MCC950 inhibited NLRP3 inflammasomes in the cardiocytes aging model induced by D-gal

We then tested the NLRP3 inflammasomes by confocal microscopy. Representative confocal fluorescent images showed that MCC950 pre-treatment decreased the colocalization of NLRP3 (red) and caspase-1 (green) proteins in the cardiocytes aging model (Figure 5A). Besides, the NLRP3 and ASC proteins were also significantly decreased (Figure 5B). Moreover, the IL-1β, IL-18 and LDH release levels in cell culture were also reduced when NLRP3 inflammasomes were inhibited (Figure 5C). These results indicated that NLRP3 inflammasomes and the following inflammatory response were inhibited by MCC950 effectively.

Figure 5. MCC950 inhibited NLRP3 inflammasomes in the cardiocytes aging model induced by D-gal. H9c2 cells were pre-treated with or without MCC950 (10μM), a commonly used NLRP3 inhibitor, for 1 hour, and then incubated with or without 10g/L D-gal for 24 hours. (A) Representative confocal fluorescent images showed that MCC950 pre-treatment decreased the colocalization of NLRP3 (red) and caspase 1 (green) proteins in the cardiocytes aging model induced by D-gal. (B) Representative immunoblots of the NLRP3 and ASC proteins and the corresponding quantification were shown. (C) IL-1β, IL-18 and LDH release levels in cell culture were detected. NLRP3, Nod-like receptor family pyrin domain containing 3; ASC, apoptosis-associated speck-like protein.

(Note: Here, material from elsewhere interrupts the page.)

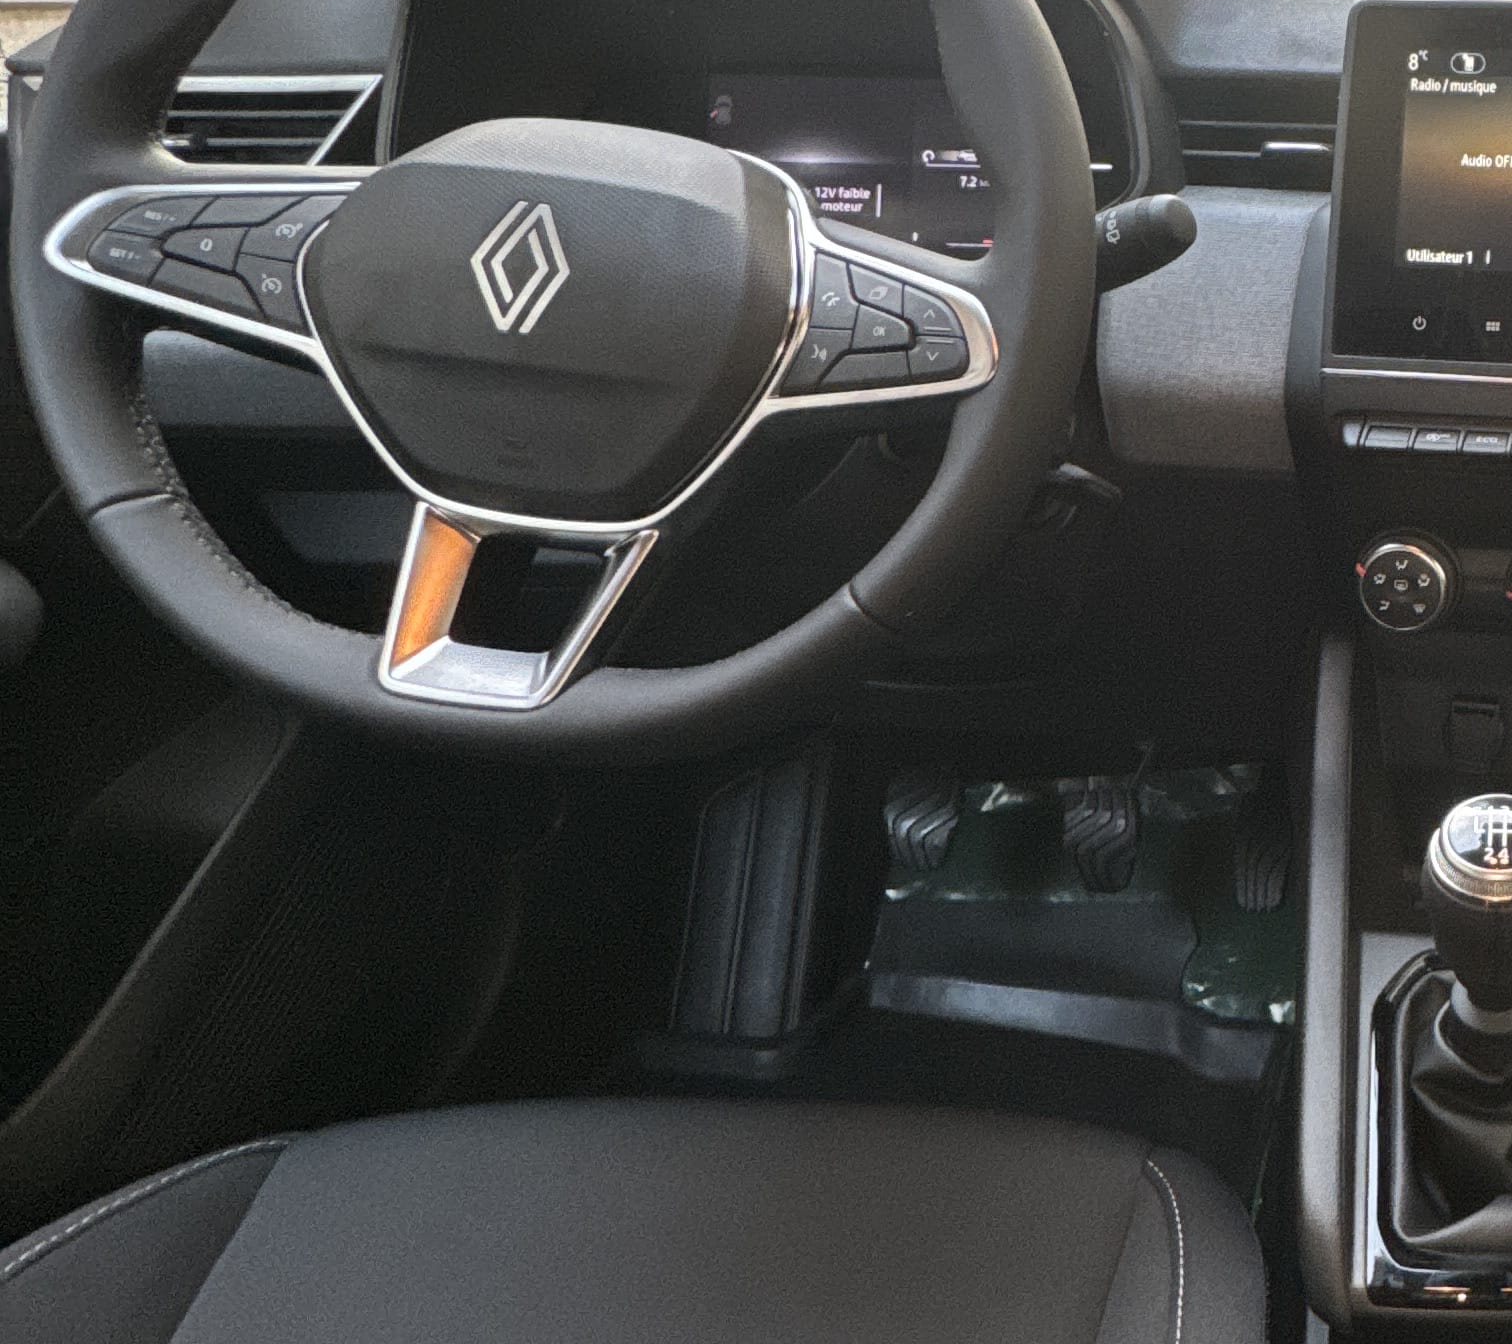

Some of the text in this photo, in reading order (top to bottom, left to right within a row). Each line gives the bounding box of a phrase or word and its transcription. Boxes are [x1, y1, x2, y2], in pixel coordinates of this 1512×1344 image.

[1410, 78, 1441, 93] Radio
[1450, 80, 1498, 96] musique
[1461, 153, 1492, 168] Audio
[1406, 248, 1464, 264] Utilisateur

ROS generation was similar when NLRP3 inflammasomes were inhibited in the cardiocytes aging model induced by D-gal

In Figures 2, 3 demonstrated that the NLRP3 inflammasomes were activated, and the ROS generation was increased in the cardiocytes aging progress. We then test when NLRP3 inflammasomes were inhibited, the ROS generation was affected or not. To our surprise, both the fluorescent images and flow cytometry showed that ROS generation was similar no matter NLRP3 inflammasomes were inhibited or not (Figure 6). These results indicated that though both ROS generation and NLRP3 inflammasomes activation contributed to heart aging progress, yet it was likely that the ROS generation came before NLRP3 inflammasomes activation.

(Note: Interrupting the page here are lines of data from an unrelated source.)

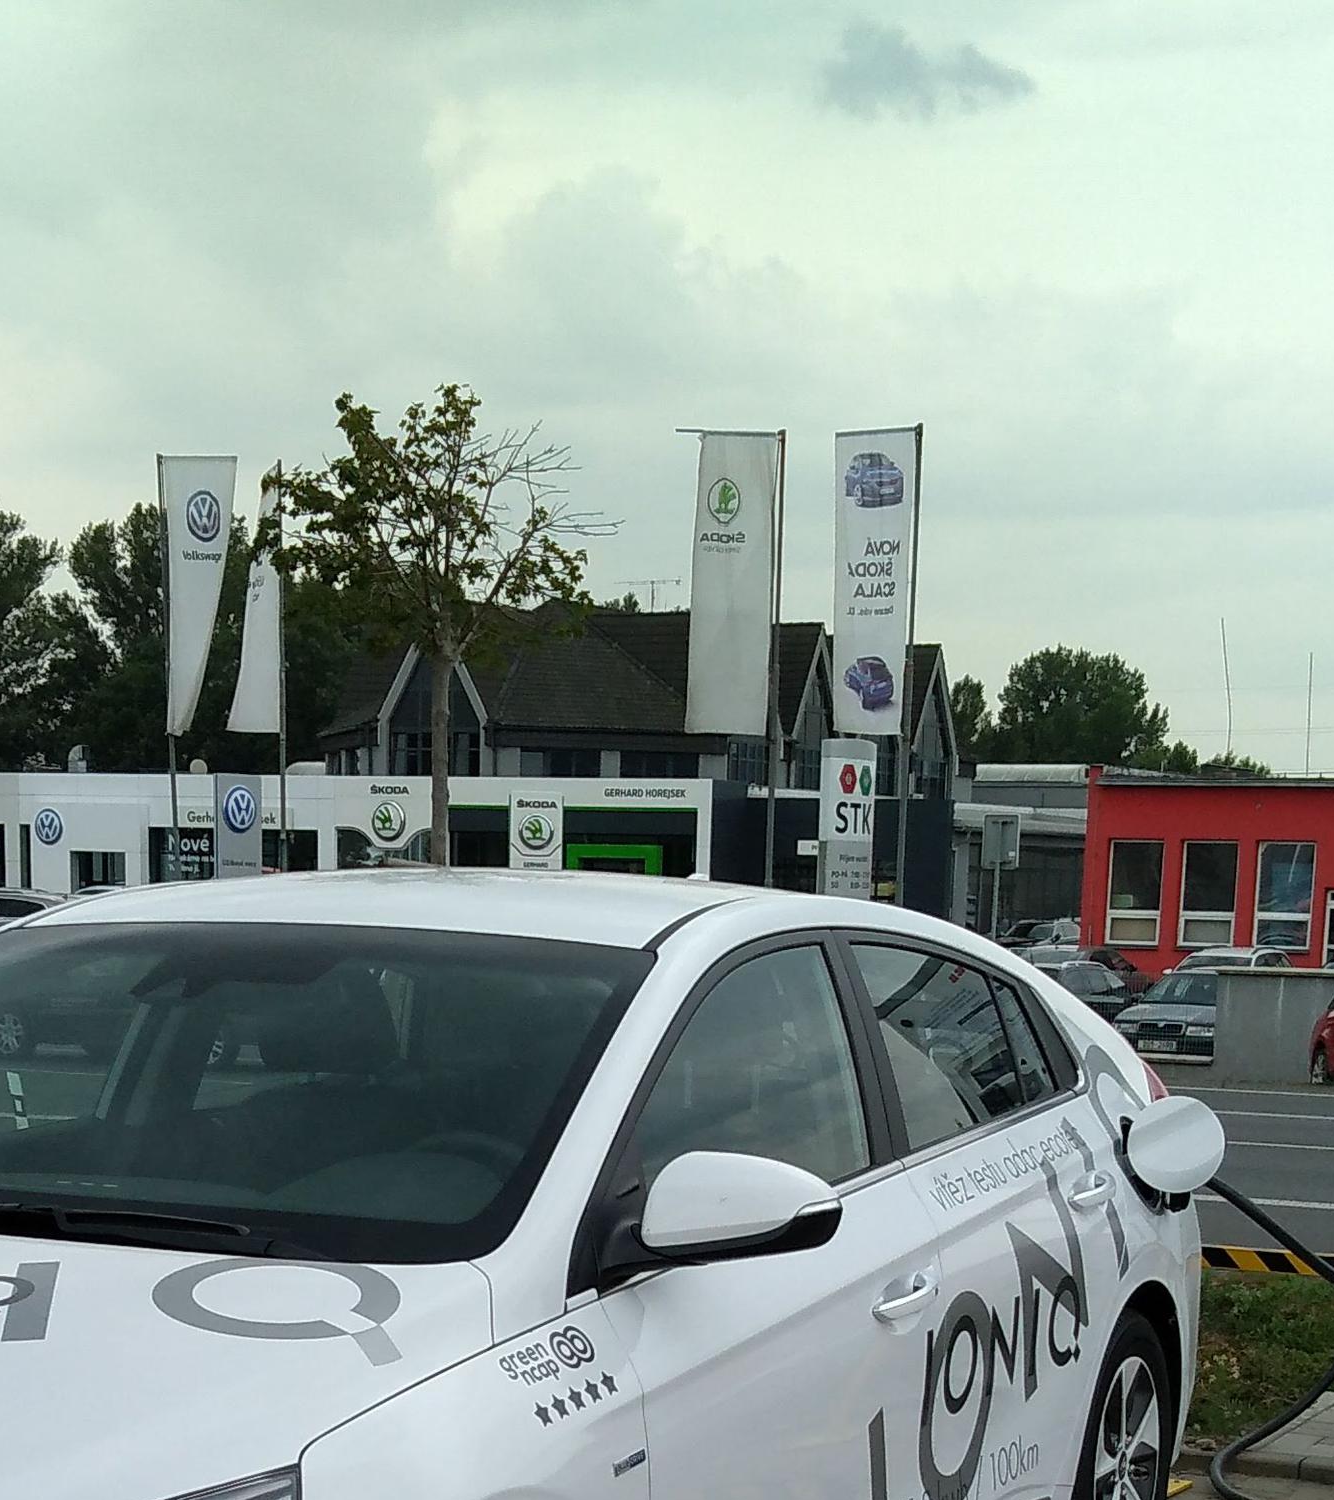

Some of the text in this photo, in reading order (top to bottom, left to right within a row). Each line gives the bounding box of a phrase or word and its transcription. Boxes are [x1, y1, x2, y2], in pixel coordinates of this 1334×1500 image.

[370, 784, 410, 795] ŠKODA
[516, 799, 558, 809] ŠKODA
[604, 788, 686, 799] GERHARD HOREJSEK
[187, 811, 215, 823] Gerh
[835, 801, 872, 835] STK
[963, 1158, 1008, 1195] testu
[1003, 1137, 1045, 1178] adac
[498, 1342, 550, 1380] green
[920, 1275, 1081, 1427] IONIQ
[519, 1358, 560, 1386] ncap
[989, 1435, 1039, 1491] 100km

ROS generation was similar when NLRP3 inflammasomes were inhibited in the cardiocytes aging model. H9c2 cells were pre-treated with or without MCC950 (10μM), a commonly used NLRP3 inhibitor, for 1 hour, and then incubated with or without 10g/L D-gal for 24 hours. (A) ROS generation was detected using a DCFH-DA probe. Representative fluorescent images showed that ROS generation was similar no matter NLRP3 inflammasomes were inhibited or not in the cardiocytes aging model. (B) Intracellular ROS was quantified by flow cytometry.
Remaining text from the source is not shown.